[Annotated photo localization data]
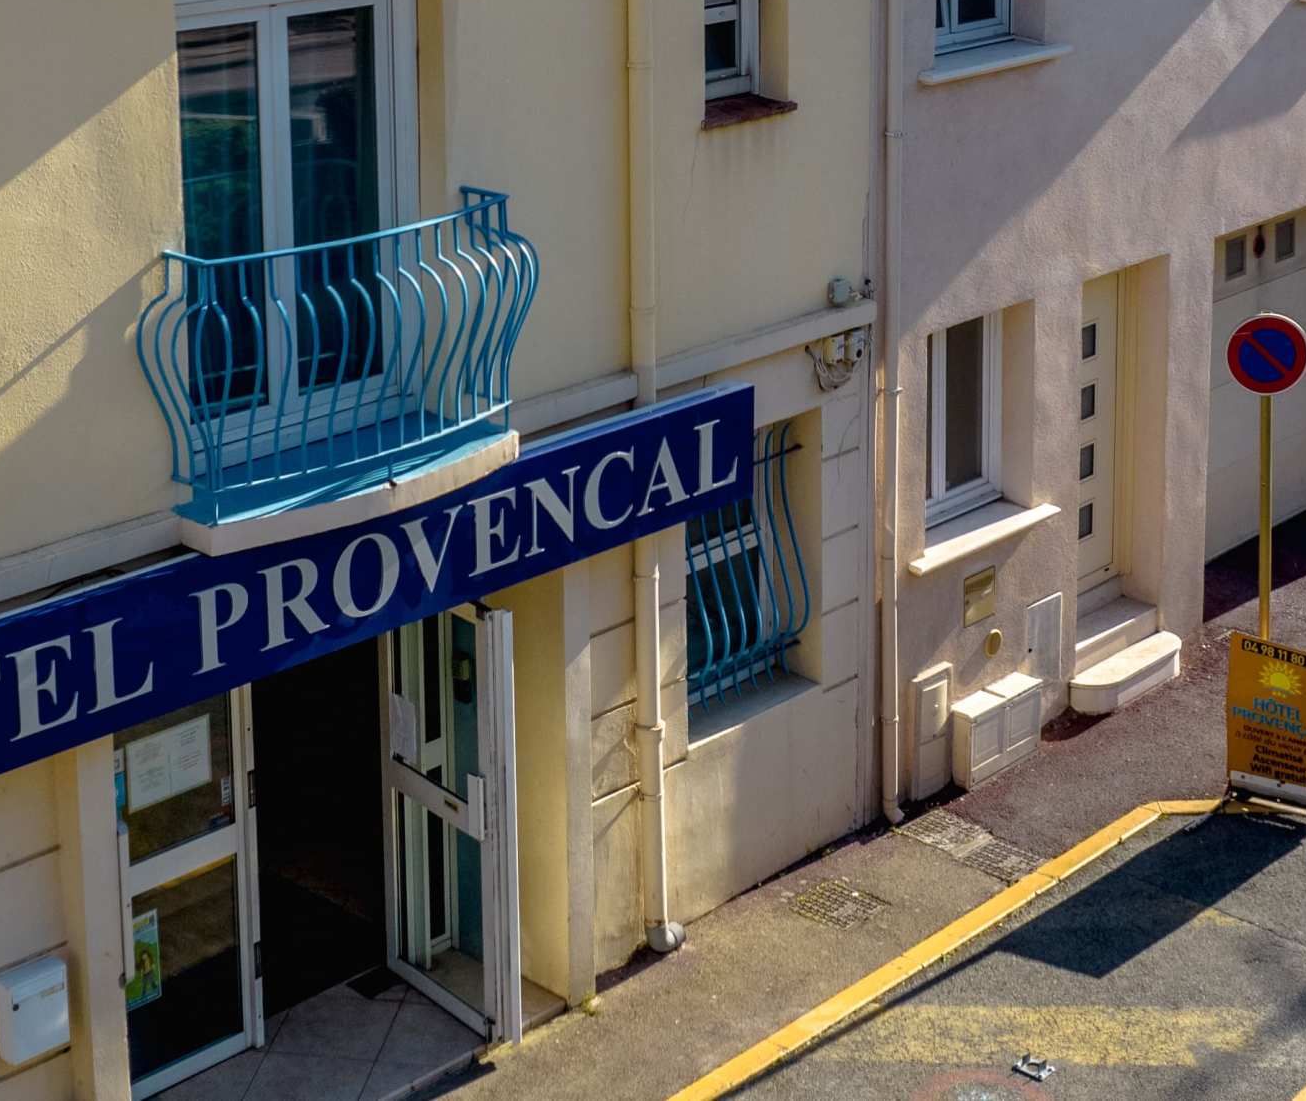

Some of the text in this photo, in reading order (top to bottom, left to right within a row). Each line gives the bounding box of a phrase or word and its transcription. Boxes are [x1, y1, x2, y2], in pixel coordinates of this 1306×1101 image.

[188, 419, 738, 675] PROVENCAL
[1244, 640, 1258, 653] 04
[1260, 645, 1275, 657] 98
[1277, 649, 1288, 661] 11
[1291, 653, 1305, 666] 80
[1253, 754, 1306, 773] Ascenseur
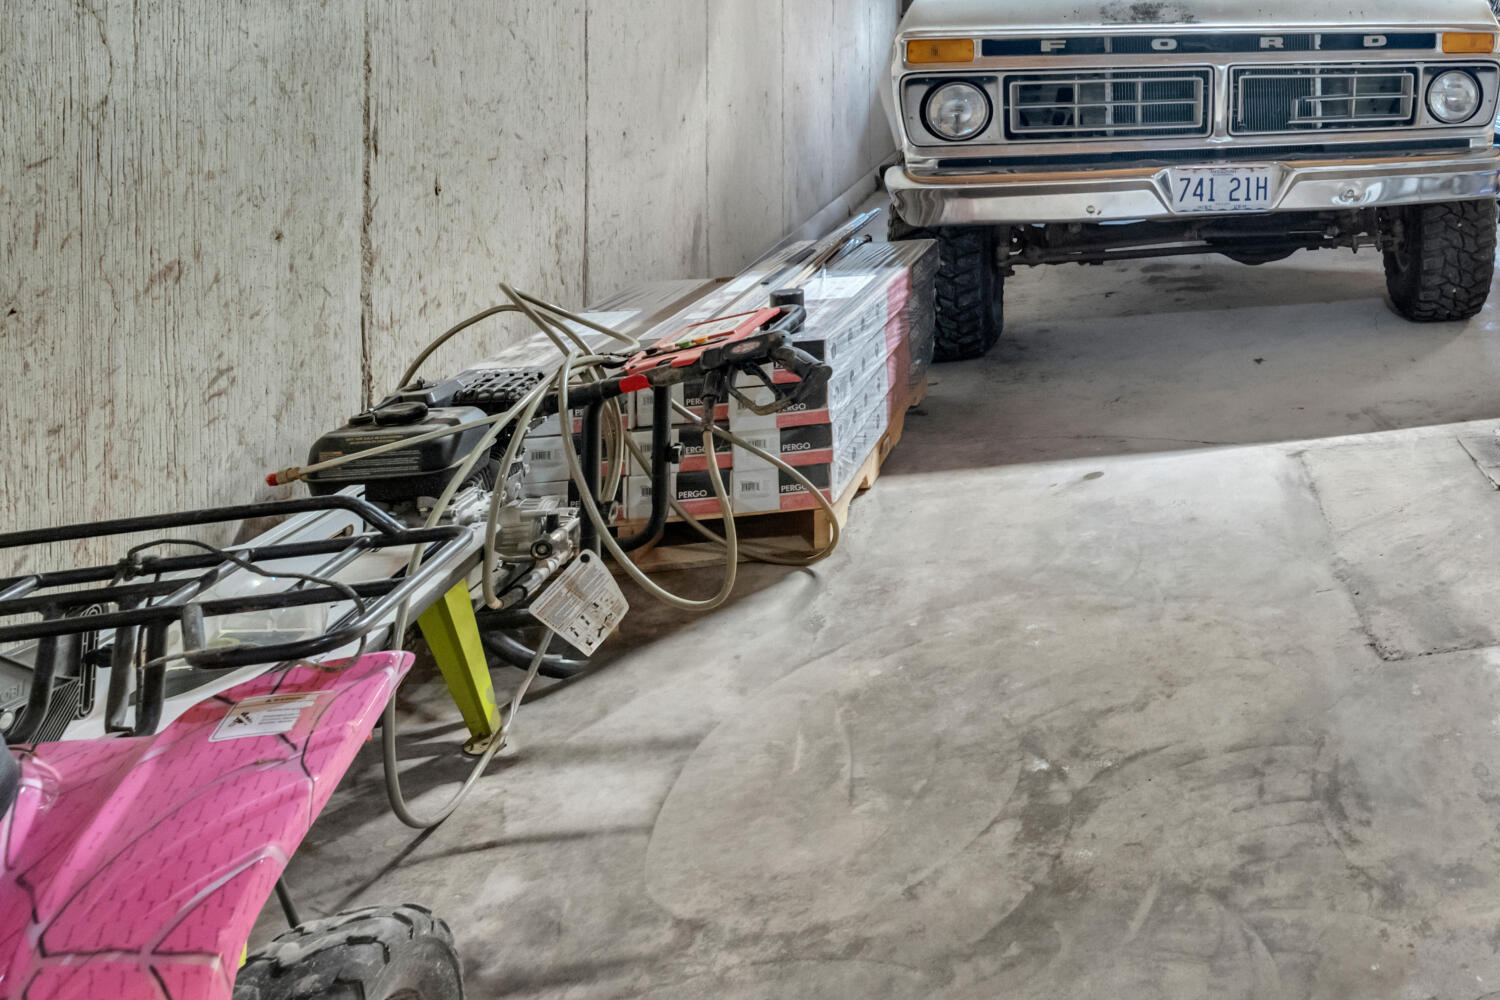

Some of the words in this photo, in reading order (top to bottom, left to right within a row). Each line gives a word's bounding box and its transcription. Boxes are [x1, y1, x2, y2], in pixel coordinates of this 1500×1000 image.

[1040, 34, 1388, 52] FORD
[1179, 177, 1215, 203] 741
[1229, 176, 1268, 203] 21H
[782, 441, 811, 452] PERGO
[678, 489, 708, 499] PERGO

* Prompt
Lines from the one containing "Some of the words" to the end of the data are to be printed exactly, including the first and last.

* Solution for this exercise
Some of the words in this photo, in reading order (top to bottom, left to right within a row). Each line gives a word's bounding box and its transcription. Boxes are [x1, y1, x2, y2], in pixel coordinates of this 1500×1000 image.

[1040, 34, 1388, 52] FORD
[1179, 177, 1215, 203] 741
[1229, 176, 1268, 203] 21H
[782, 441, 811, 452] PERGO
[678, 489, 708, 499] PERGO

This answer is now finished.